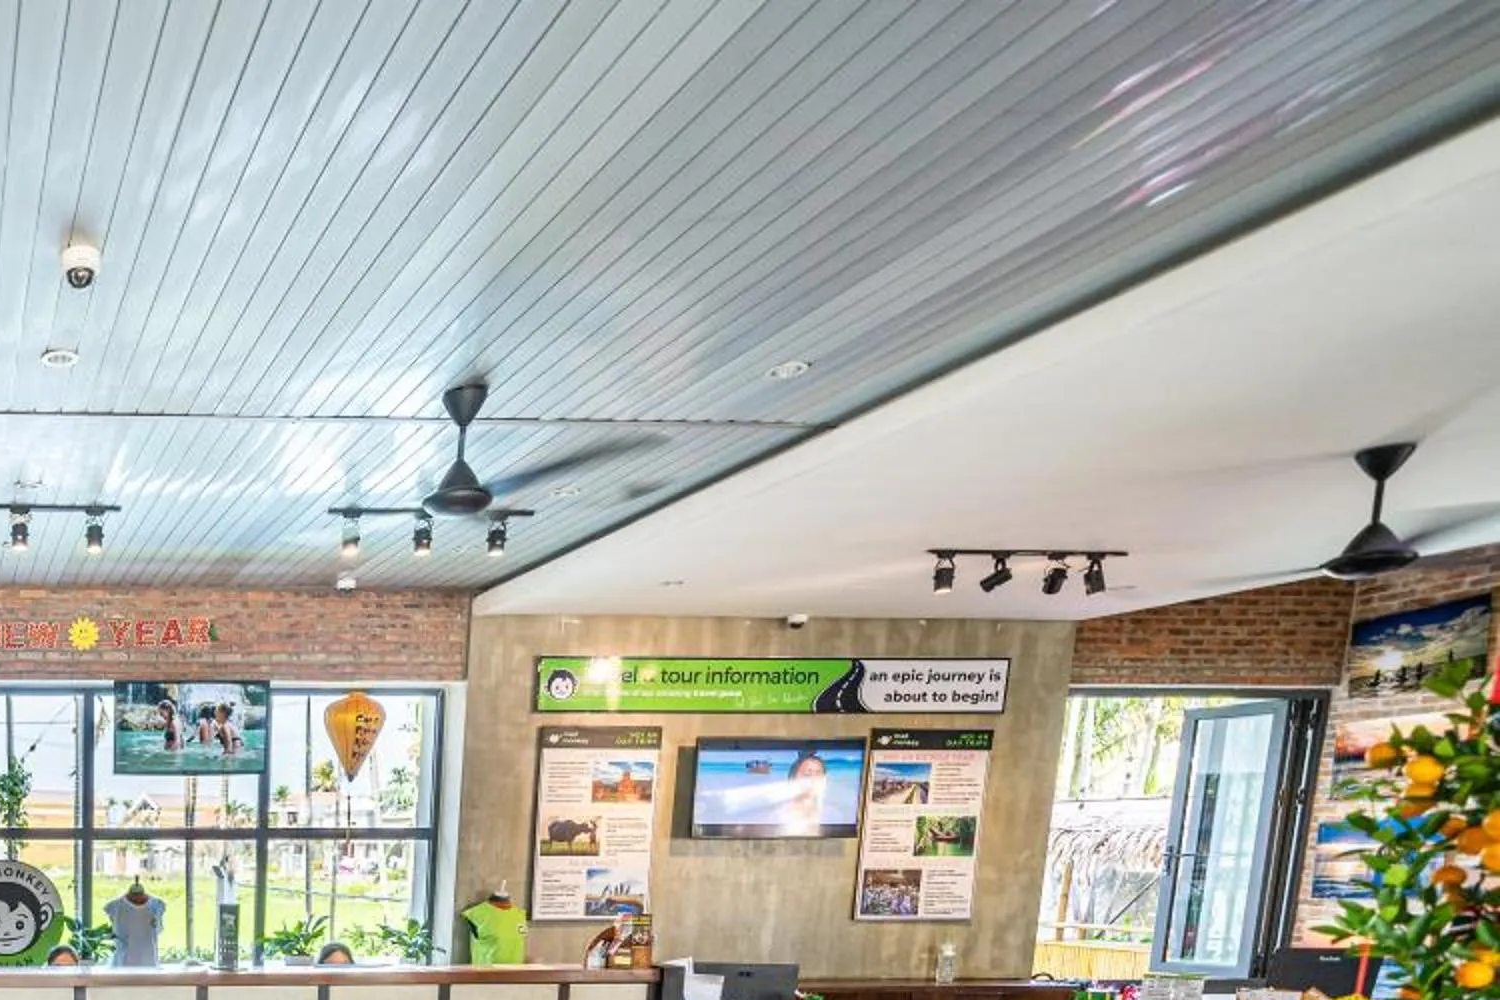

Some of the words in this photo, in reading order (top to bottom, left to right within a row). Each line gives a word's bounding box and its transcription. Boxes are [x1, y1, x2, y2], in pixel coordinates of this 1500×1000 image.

[108, 616, 210, 648] YEAR
[661, 669, 700, 684] tour
[705, 667, 820, 685] information
[869, 672, 888, 682] an
[891, 669, 923, 687] epic
[926, 669, 985, 687] journey
[989, 668, 1001, 682] is
[883, 690, 927, 703] about
[931, 692, 948, 703] to
[951, 690, 999, 704] begin!
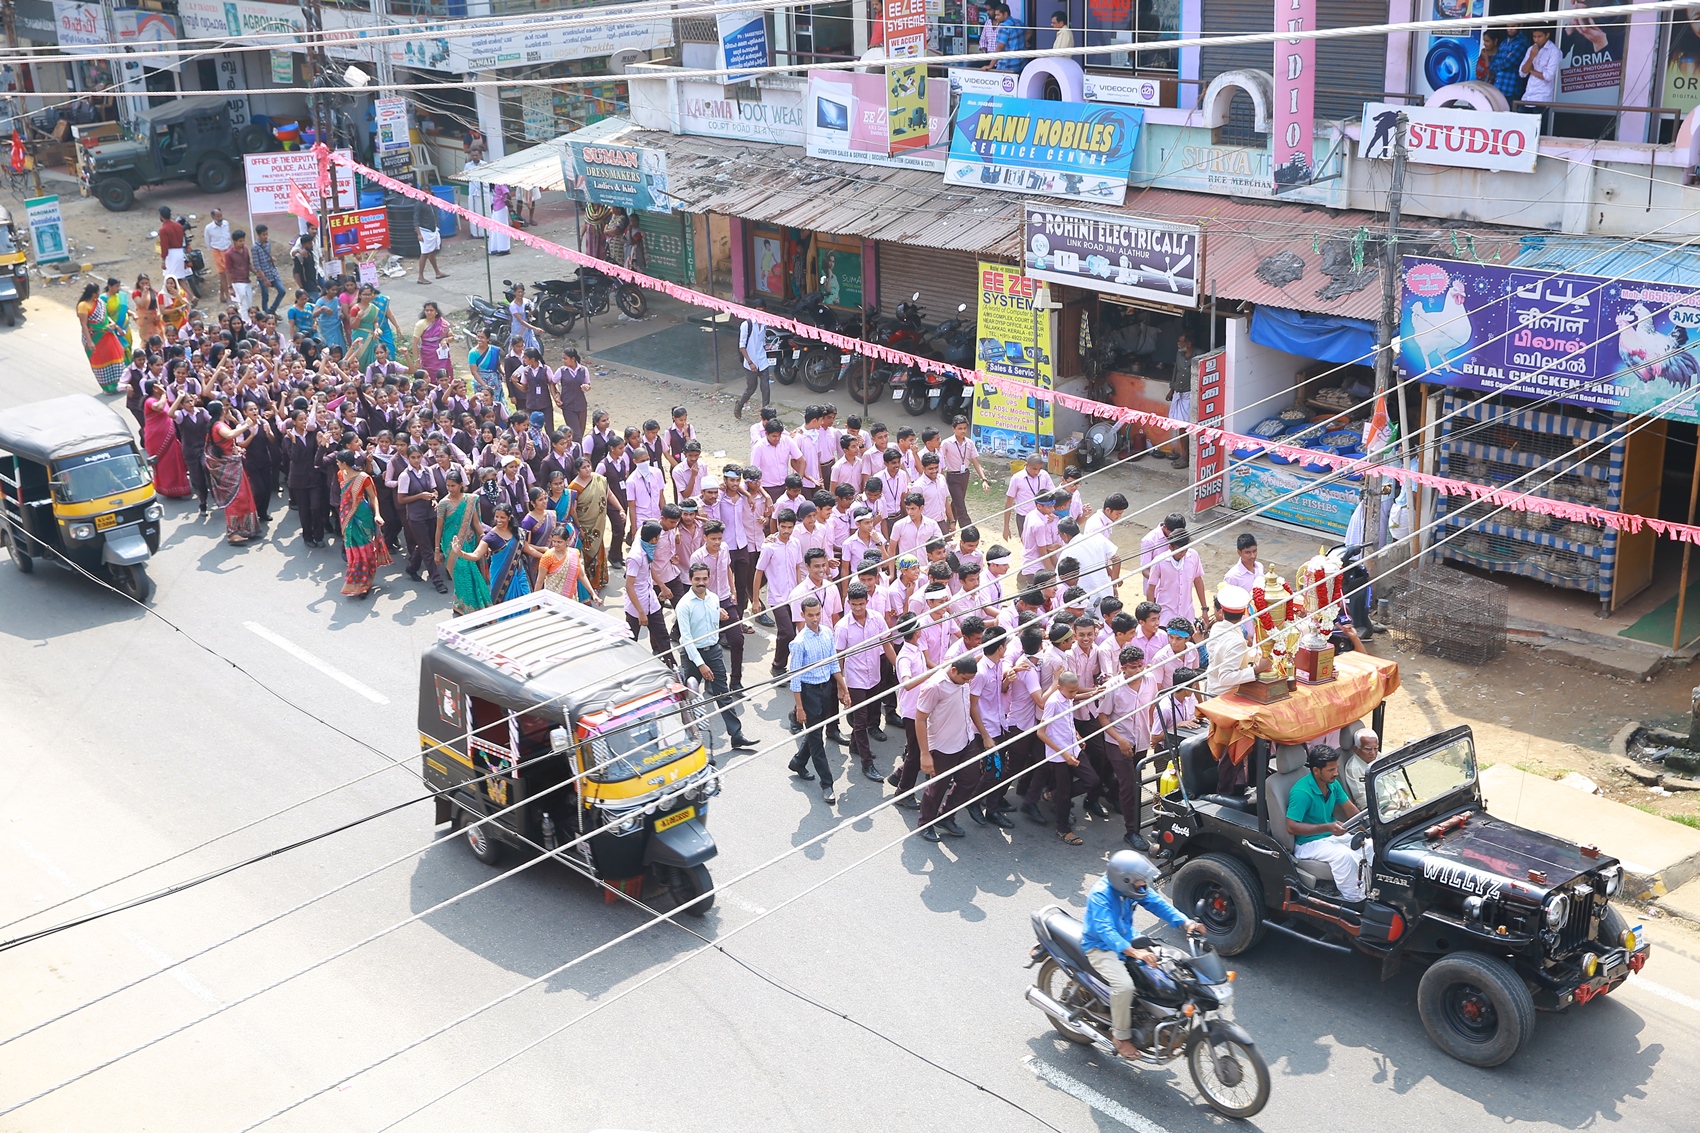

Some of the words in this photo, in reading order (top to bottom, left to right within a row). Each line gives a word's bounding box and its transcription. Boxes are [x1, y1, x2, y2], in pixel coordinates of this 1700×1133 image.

[889, 1, 901, 17] EE
[243, 13, 290, 33] AGROMART
[888, 14, 925, 32] SYSTEMS
[583, 42, 615, 54] makita
[1563, 67, 1583, 75] DIGITAL
[1583, 62, 1621, 71] PHOTOGRAPHY
[964, 77, 999, 86] VIDEOCON
[1563, 75, 1583, 83] DIGITAL
[1584, 71, 1620, 80] VIDEOGRAPHY
[1596, 79, 1620, 88] MODELIN
[1099, 85, 1138, 93] VIDEOCON
[771, 105, 803, 126] WEAR
[708, 121, 729, 131] COURT
[732, 123, 750, 133] ROAD
[975, 113, 1031, 144] MANU
[1032, 118, 1115, 152] MOBILES
[1408, 122, 1526, 157] STUDIO
[251, 158, 270, 166] OFFICE
[271, 156, 279, 164] OF
[280, 156, 291, 164] THE
[292, 155, 315, 163] DEPUTY
[583, 147, 638, 168] SUMAN
[818, 148, 838, 156] COMPUTER
[838, 149, 849, 157] SALES
[970, 141, 1035, 159] SERVICE
[1047, 149, 1107, 166] CENTRE
[1182, 146, 1251, 175] SURYA
[384, 157, 409, 166] ADVOCATE
[586, 167, 610, 179] DRESS
[610, 170, 641, 183] MAKERS
[1208, 175, 1227, 184] RICE
[1231, 177, 1272, 189] MERCHAN
[254, 185, 275, 193] OFFICE
[593, 180, 614, 191] Ladies
[622, 184, 637, 194] Kids
[330, 218, 341, 228] EE
[342, 214, 359, 226] ZEE
[1045, 213, 1095, 244] ROHINI
[1099, 220, 1188, 256] ELECTRICALS
[685, 227, 697, 284] SERVICING
[1066, 238, 1082, 248] LINK
[1083, 241, 1104, 251] ROAD
[1105, 245, 1117, 253] JN.
[1118, 247, 1150, 259] ALATHUR
[842, 274, 862, 284] SUMA
[982, 270, 1004, 293] EE
[983, 292, 1045, 312] SYSTEM
[1006, 307, 1030, 316] Computer
[1007, 327, 1025, 335] KERALA
[989, 362, 1007, 372] Sales
[1007, 366, 1013, 374] &
[1014, 367, 1041, 377] Servic
[1463, 363, 1505, 379] BILAL
[1508, 370, 1581, 390] CHICKEN
[1584, 382, 1630, 397] FARM
[1481, 379, 1495, 388] AMS
[1522, 385, 1535, 393] Link
[1536, 387, 1552, 396] Road
[1580, 394, 1596, 402] Road
[1596, 396, 1621, 406] Alathur
[980, 410, 996, 418] CCTV
[997, 413, 1020, 423] Security
[1022, 418, 1044, 426] Camra
[993, 405, 1008, 413] ADSL
[1010, 407, 1031, 416] Modem
[1200, 462, 1217, 480] DRY
[1195, 478, 1223, 500] FISHES
[1302, 498, 1338, 514] FISHES
[1376, 873, 1410, 888] THAR
[1423, 860, 1504, 900] WILLYZ

====================

→ INSTRUCTIONS TO FOLLOW
Could you print the data exactly as it appears and keep the pictures out?

→ ANSWER TO THE EXERCISE
Some of the words in this photo, in reading order (top to bottom, left to right within a row). Each line gives a word's bounding box and its transcription. Boxes are [x1, y1, x2, y2], in pixel coordinates of this 1500×1000 image.

[108, 616, 210, 648] YEAR
[661, 669, 700, 684] tour
[705, 667, 820, 685] information
[869, 672, 888, 682] an
[891, 669, 923, 687] epic
[926, 669, 985, 687] journey
[989, 668, 1001, 682] is
[883, 690, 927, 703] about
[931, 692, 948, 703] to
[951, 690, 999, 704] begin!

Some of the words in this photo, in reading order (top to bottom, left to right within a row). Each line gives a word's bounding box and its transcription. Boxes are [x1, y1, x2, y2], in pixel coordinates of this 1700×1133 image.

[889, 1, 901, 17] EE
[243, 13, 290, 33] AGROMART
[888, 14, 925, 32] SYSTEMS
[583, 42, 615, 54] makita
[1563, 67, 1583, 75] DIGITAL
[1583, 62, 1621, 71] PHOTOGRAPHY
[964, 77, 999, 86] VIDEOCON
[1563, 75, 1583, 83] DIGITAL
[1584, 71, 1620, 80] VIDEOGRAPHY
[1596, 79, 1620, 88] MODELIN
[1099, 85, 1138, 93] VIDEOCON
[771, 105, 803, 126] WEAR
[708, 121, 729, 131] COURT
[732, 123, 750, 133] ROAD
[975, 113, 1031, 144] MANU
[1032, 118, 1115, 152] MOBILES
[1408, 122, 1526, 157] STUDIO
[251, 158, 270, 166] OFFICE
[271, 156, 279, 164] OF
[280, 156, 291, 164] THE
[292, 155, 315, 163] DEPUTY
[583, 147, 638, 168] SUMAN
[818, 148, 838, 156] COMPUTER
[838, 149, 849, 157] SALES
[970, 141, 1035, 159] SERVICE
[1047, 149, 1107, 166] CENTRE
[1182, 146, 1251, 175] SURYA
[384, 157, 409, 166] ADVOCATE
[586, 167, 610, 179] DRESS
[610, 170, 641, 183] MAKERS
[1208, 175, 1227, 184] RICE
[1231, 177, 1272, 189] MERCHAN
[254, 185, 275, 193] OFFICE
[593, 180, 614, 191] Ladies
[622, 184, 637, 194] Kids
[330, 218, 341, 228] EE
[342, 214, 359, 226] ZEE
[1045, 213, 1095, 244] ROHINI
[1099, 220, 1188, 256] ELECTRICALS
[685, 227, 697, 284] SERVICING
[1066, 238, 1082, 248] LINK
[1083, 241, 1104, 251] ROAD
[1105, 245, 1117, 253] JN.
[1118, 247, 1150, 259] ALATHUR
[842, 274, 862, 284] SUMA
[982, 270, 1004, 293] EE
[983, 292, 1045, 312] SYSTEM
[1006, 307, 1030, 316] Computer
[1007, 327, 1025, 335] KERALA
[989, 362, 1007, 372] Sales
[1007, 366, 1013, 374] &
[1014, 367, 1041, 377] Servic
[1463, 363, 1505, 379] BILAL
[1508, 370, 1581, 390] CHICKEN
[1584, 382, 1630, 397] FARM
[1481, 379, 1495, 388] AMS
[1522, 385, 1535, 393] Link
[1536, 387, 1552, 396] Road
[1580, 394, 1596, 402] Road
[1596, 396, 1621, 406] Alathur
[980, 410, 996, 418] CCTV
[997, 413, 1020, 423] Security
[1022, 418, 1044, 426] Camra
[993, 405, 1008, 413] ADSL
[1010, 407, 1031, 416] Modem
[1200, 462, 1217, 480] DRY
[1195, 478, 1223, 500] FISHES
[1302, 498, 1338, 514] FISHES
[1376, 873, 1410, 888] THAR
[1423, 860, 1504, 900] WILLYZ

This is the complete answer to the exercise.